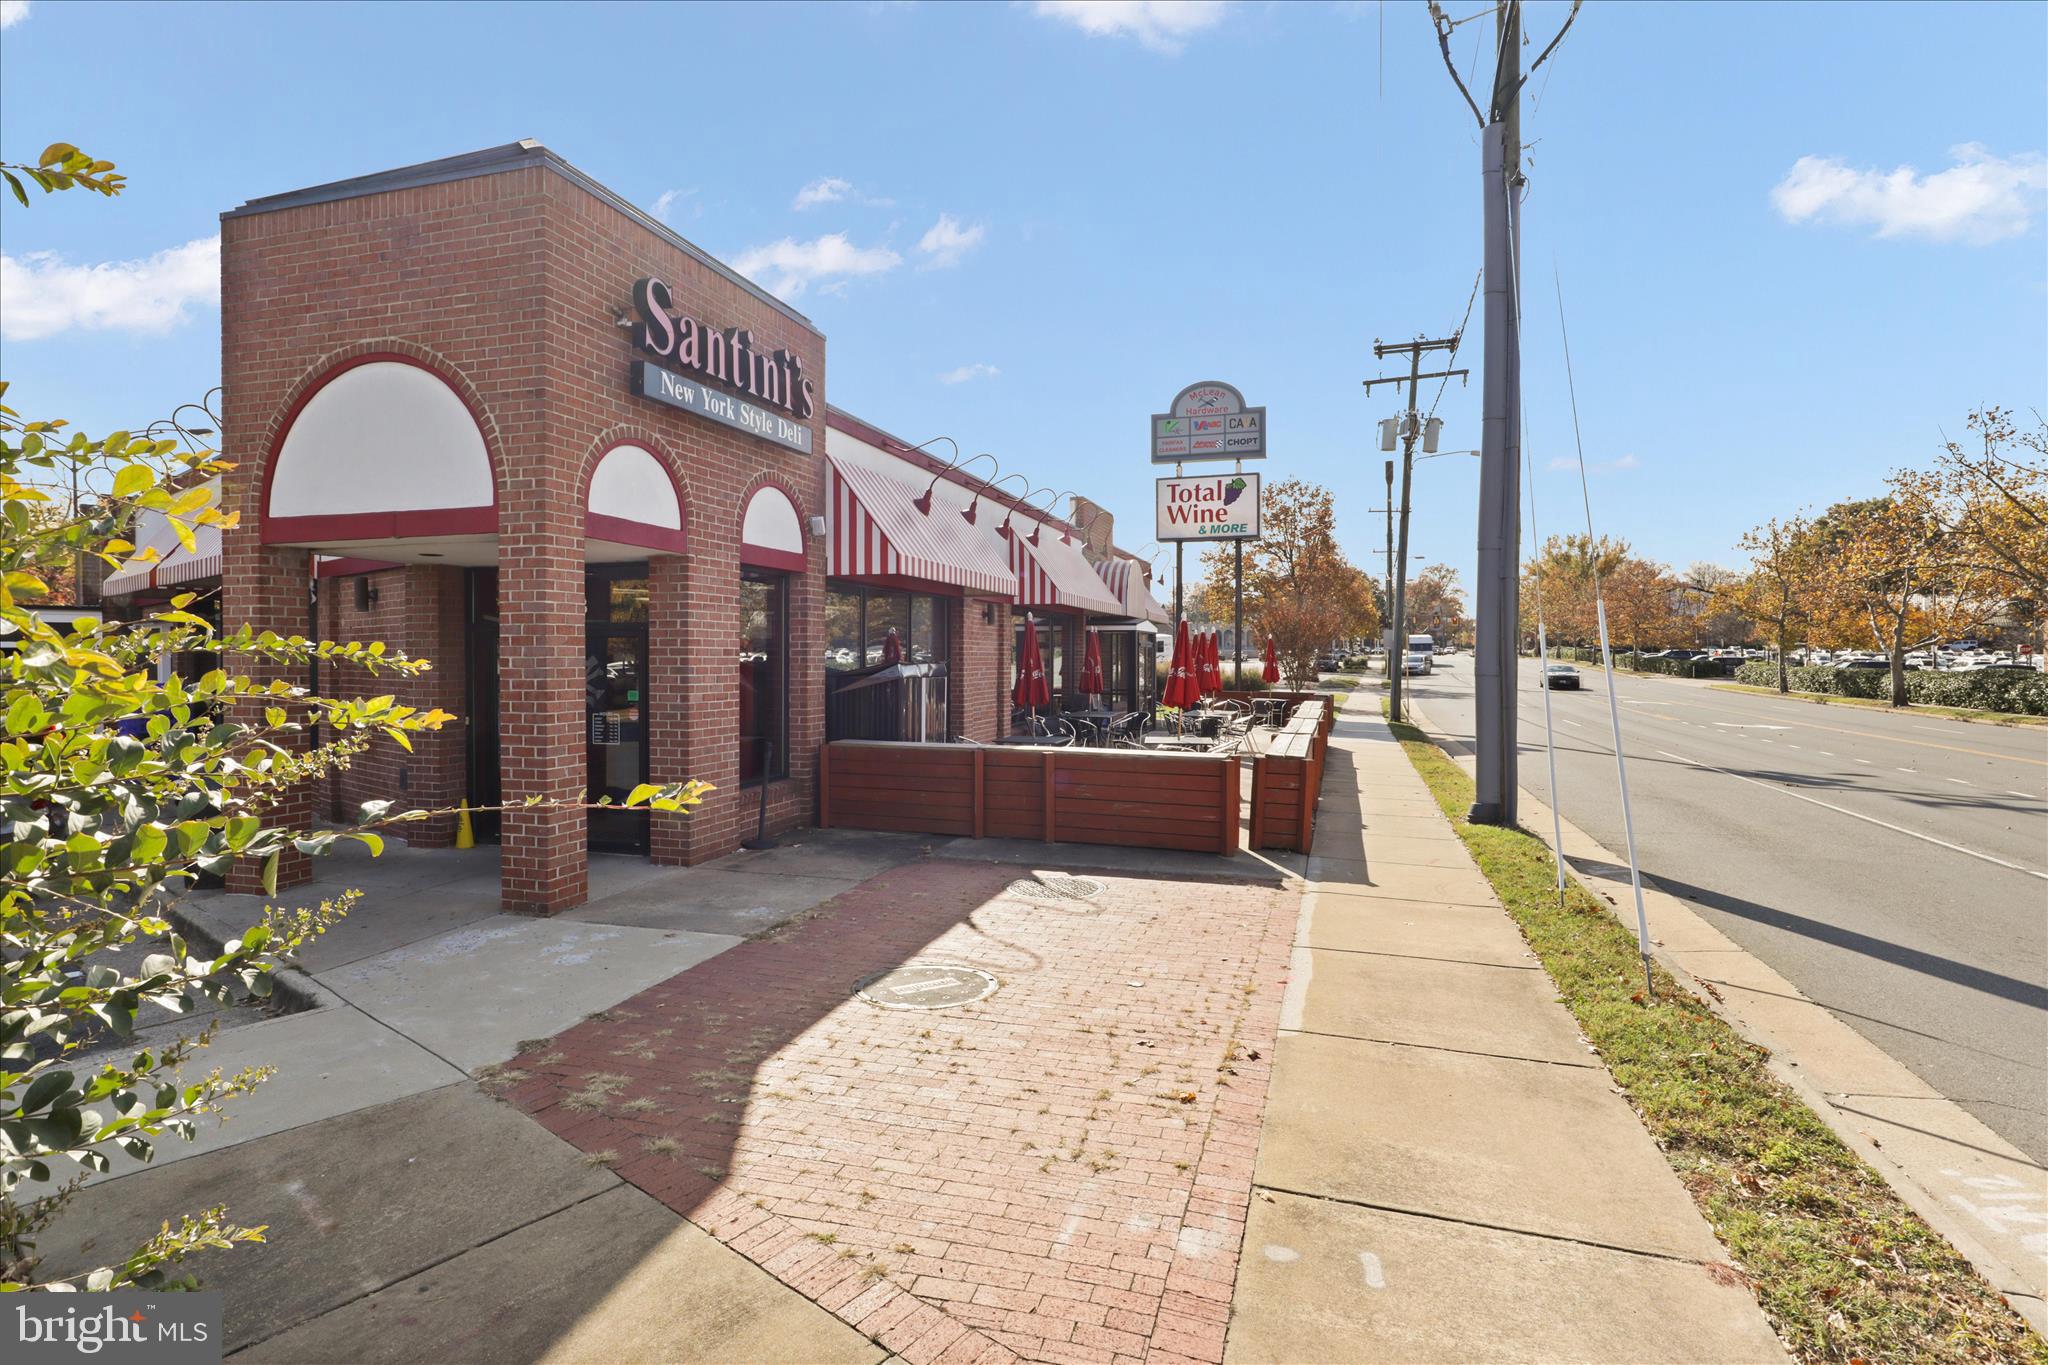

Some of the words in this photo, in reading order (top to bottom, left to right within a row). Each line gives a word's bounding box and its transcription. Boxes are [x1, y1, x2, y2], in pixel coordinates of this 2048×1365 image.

[642, 277, 815, 420] Santini's
[1188, 389, 1227, 401] McLean
[660, 370, 695, 404] New
[701, 386, 736, 421] York
[740, 402, 773, 434] Style
[778, 419, 802, 446] Deli
[1185, 406, 1229, 416] Hardware
[1227, 437, 1259, 446] CHOPT
[1167, 480, 1222, 503] Total
[1167, 504, 1228, 525] Wine
[1198, 525, 1207, 535] &
[1210, 523, 1248, 535] MORE
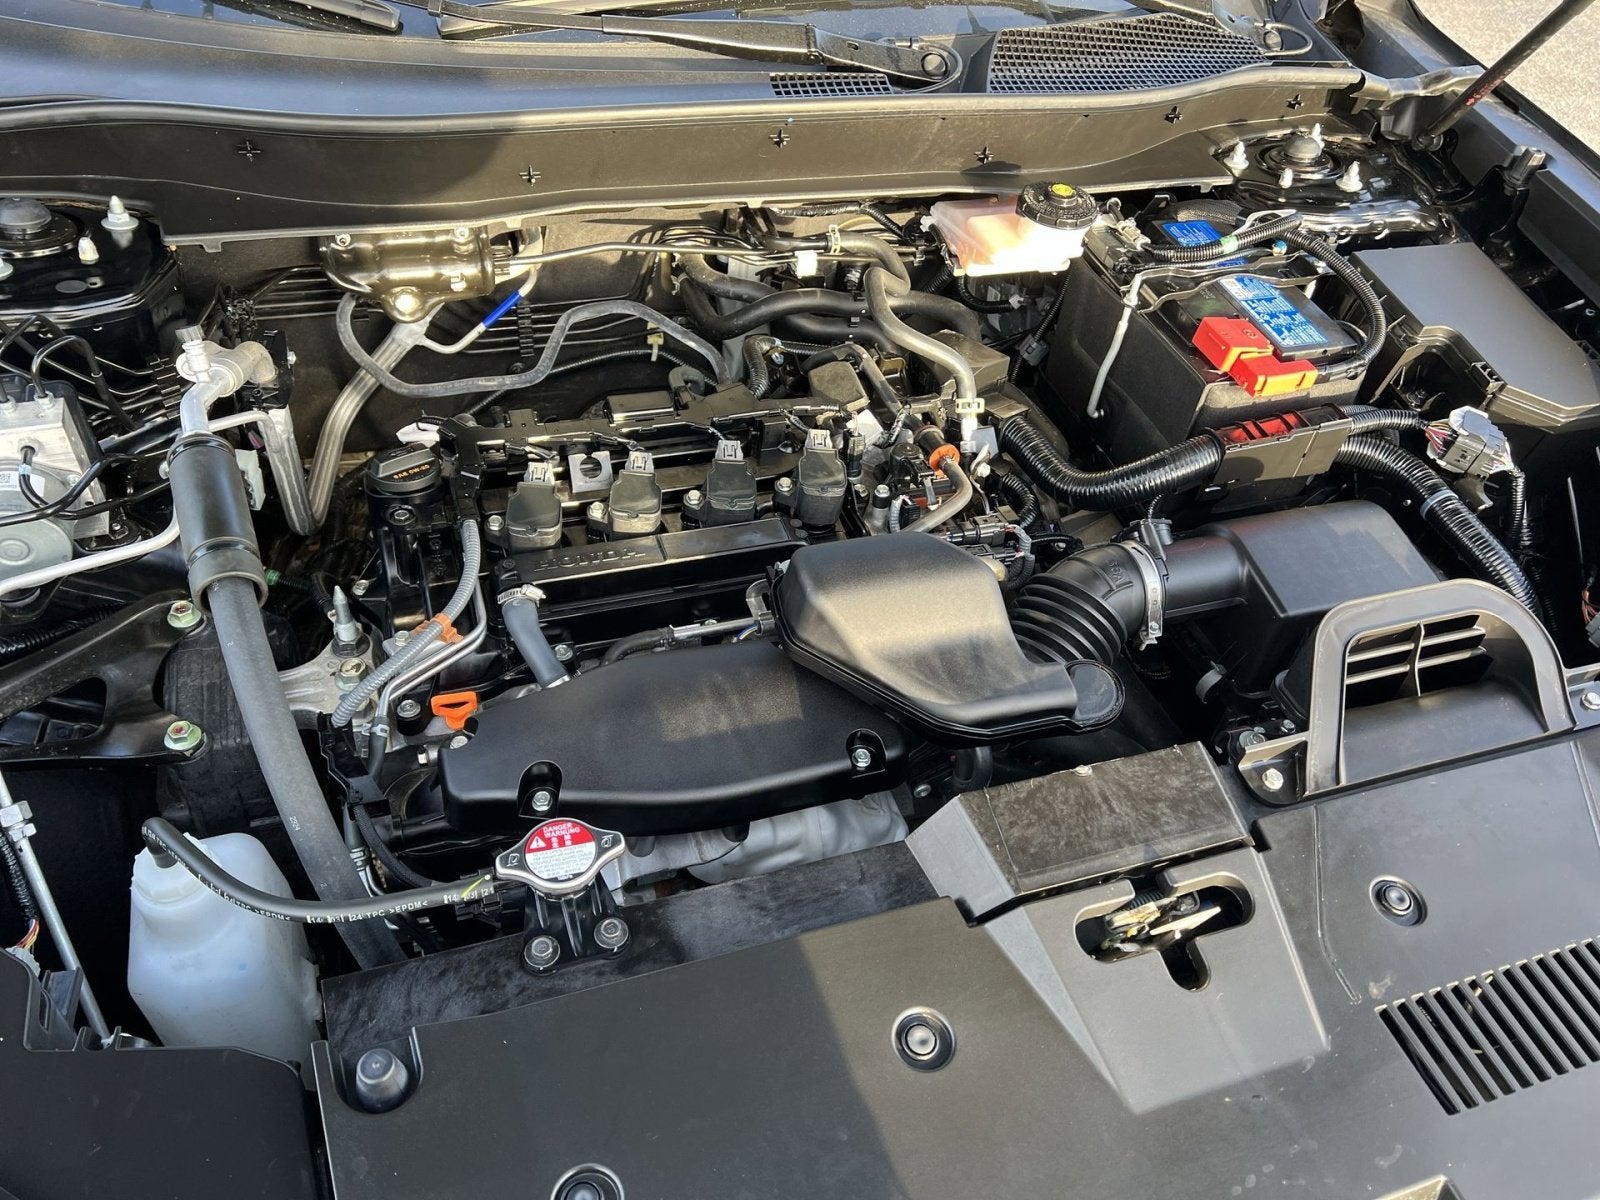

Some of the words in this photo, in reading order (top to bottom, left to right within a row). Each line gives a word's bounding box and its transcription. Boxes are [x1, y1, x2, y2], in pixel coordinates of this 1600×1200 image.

[534, 549, 646, 572] HONDA
[543, 822, 573, 834] DANGER
[366, 910, 385, 918] TPC
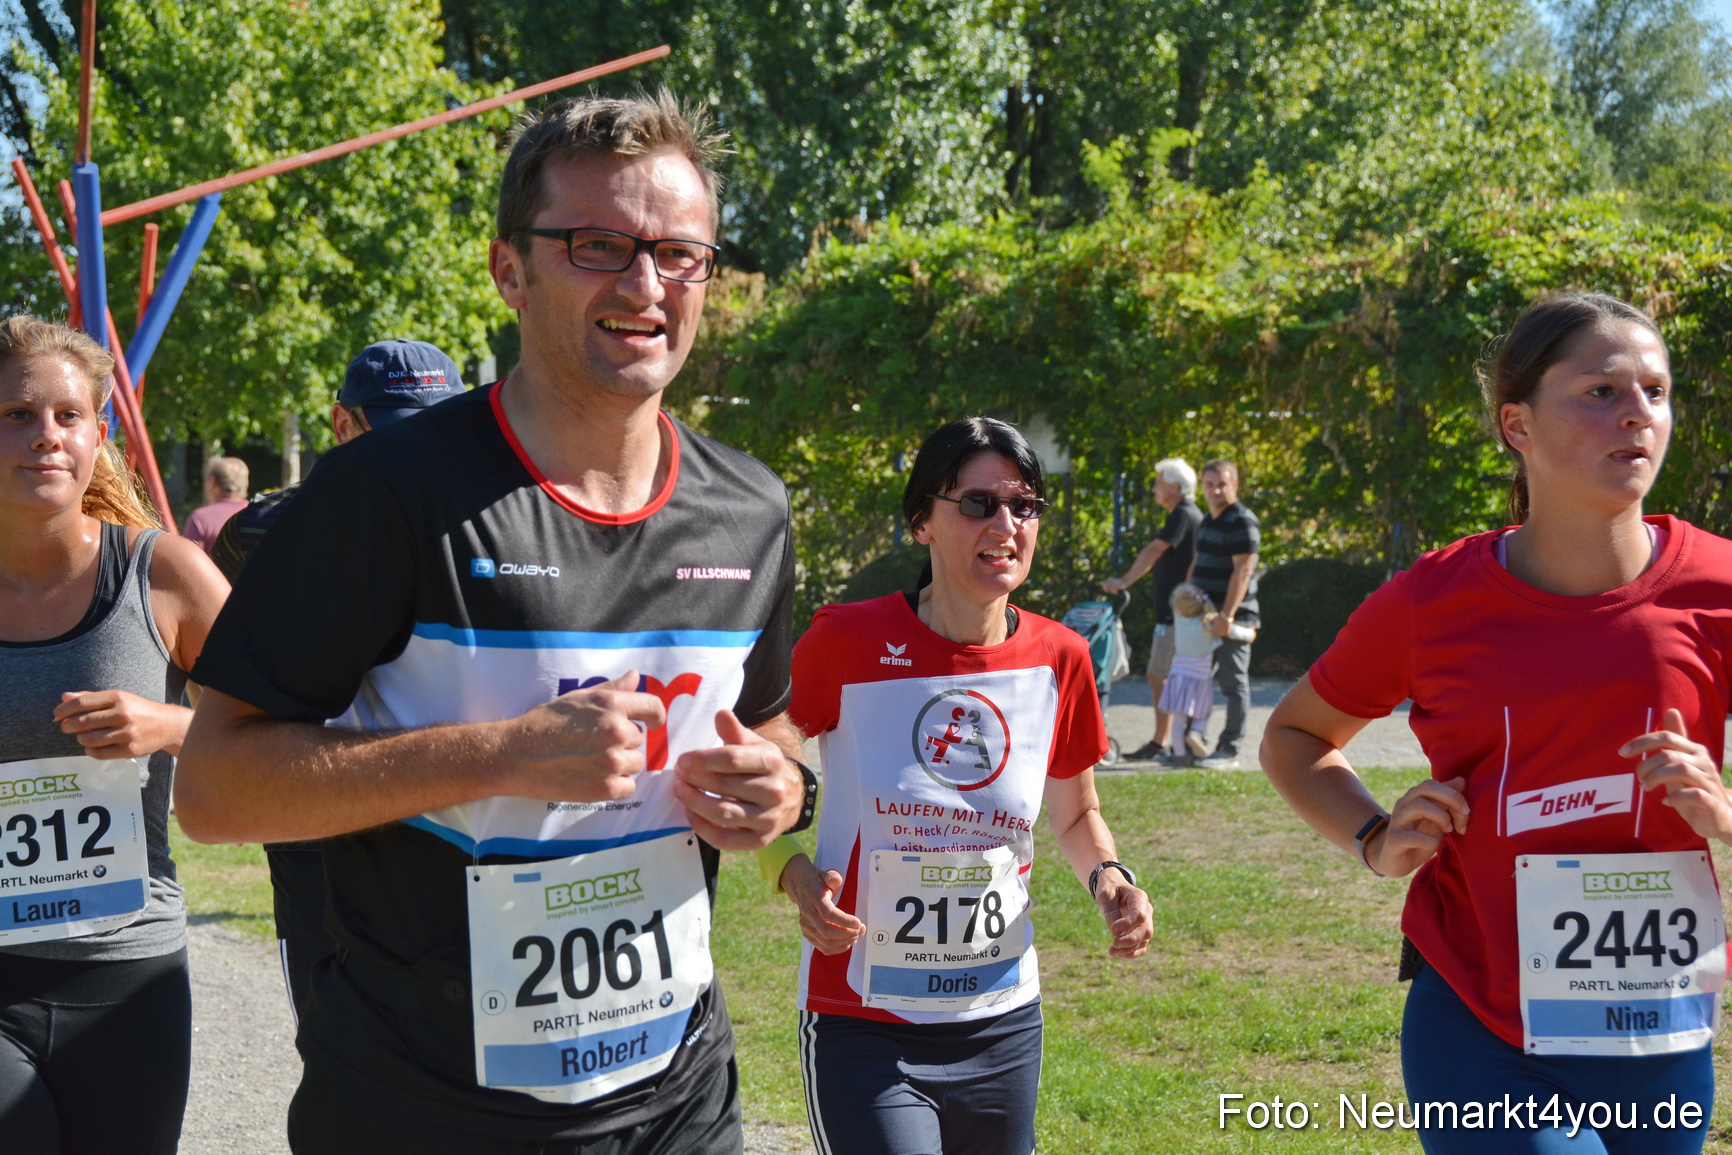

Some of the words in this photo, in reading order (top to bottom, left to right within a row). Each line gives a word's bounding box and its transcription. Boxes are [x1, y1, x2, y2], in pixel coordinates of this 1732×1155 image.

[676, 567, 692, 580] SV
[692, 567, 752, 581] ILLSCHWANG
[880, 655, 912, 667] erima
[0, 773, 81, 800] BOCK
[31, 795, 51, 804] smart
[52, 792, 83, 802] concepts
[1540, 789, 1598, 817] DEHN
[0, 805, 115, 870] 312
[893, 825, 911, 835] Dr.
[914, 825, 942, 837] Heck
[952, 825, 968, 835] Dr.
[0, 877, 27, 889] RTL
[29, 869, 89, 886] Neumarkt
[921, 866, 994, 883] BOCK
[1582, 870, 1673, 893] BOCK
[544, 868, 643, 912] BOCK
[1583, 893, 1613, 902] inspired
[1623, 892, 1644, 900] smart
[12, 898, 82, 925] Laura
[545, 907, 577, 921] inspired
[590, 901, 614, 911] smart
[894, 890, 1006, 946] 2178
[877, 934, 885, 942] D
[1552, 907, 1699, 970] 2443
[512, 909, 673, 1008] 2061
[904, 952, 941, 963] PARTL
[943, 950, 988, 963] Neumarkt
[1533, 958, 1541, 969] B
[927, 973, 979, 994] Doris
[1569, 980, 1615, 992] PARTL
[1617, 979, 1676, 992] Neumarkt
[488, 996, 498, 1010] D
[533, 1013, 584, 1034] PARTL
[587, 999, 655, 1023] Neumarkt
[1605, 1006, 1660, 1031] Nina
[560, 1030, 649, 1079] Robert
= = = = =
Every line from the one containing "this 1732×1155 image." through the last line above should be retyped exactly; no other lines are wanted.

# [The answer]
Some of the words in this photo, in reading order (top to bottom, left to right within a row). Each line gives a word's bounding box and its transcription. Boxes are [x1, y1, x2, y2], in pixel coordinates of this 1732×1155 image.

[676, 567, 692, 580] SV
[692, 567, 752, 581] ILLSCHWANG
[880, 655, 912, 667] erima
[0, 773, 81, 800] BOCK
[31, 795, 51, 804] smart
[52, 792, 83, 802] concepts
[1540, 789, 1598, 817] DEHN
[0, 805, 115, 870] 312
[893, 825, 911, 835] Dr.
[914, 825, 942, 837] Heck
[952, 825, 968, 835] Dr.
[0, 877, 27, 889] RTL
[29, 869, 89, 886] Neumarkt
[921, 866, 994, 883] BOCK
[1582, 870, 1673, 893] BOCK
[544, 868, 643, 912] BOCK
[1583, 893, 1613, 902] inspired
[1623, 892, 1644, 900] smart
[12, 898, 82, 925] Laura
[545, 907, 577, 921] inspired
[590, 901, 614, 911] smart
[894, 890, 1006, 946] 2178
[877, 934, 885, 942] D
[1552, 907, 1699, 970] 2443
[512, 909, 673, 1008] 2061
[904, 952, 941, 963] PARTL
[943, 950, 988, 963] Neumarkt
[1533, 958, 1541, 969] B
[927, 973, 979, 994] Doris
[1569, 980, 1615, 992] PARTL
[1617, 979, 1676, 992] Neumarkt
[488, 996, 498, 1010] D
[533, 1013, 584, 1034] PARTL
[587, 999, 655, 1023] Neumarkt
[1605, 1006, 1660, 1031] Nina
[560, 1030, 649, 1079] Robert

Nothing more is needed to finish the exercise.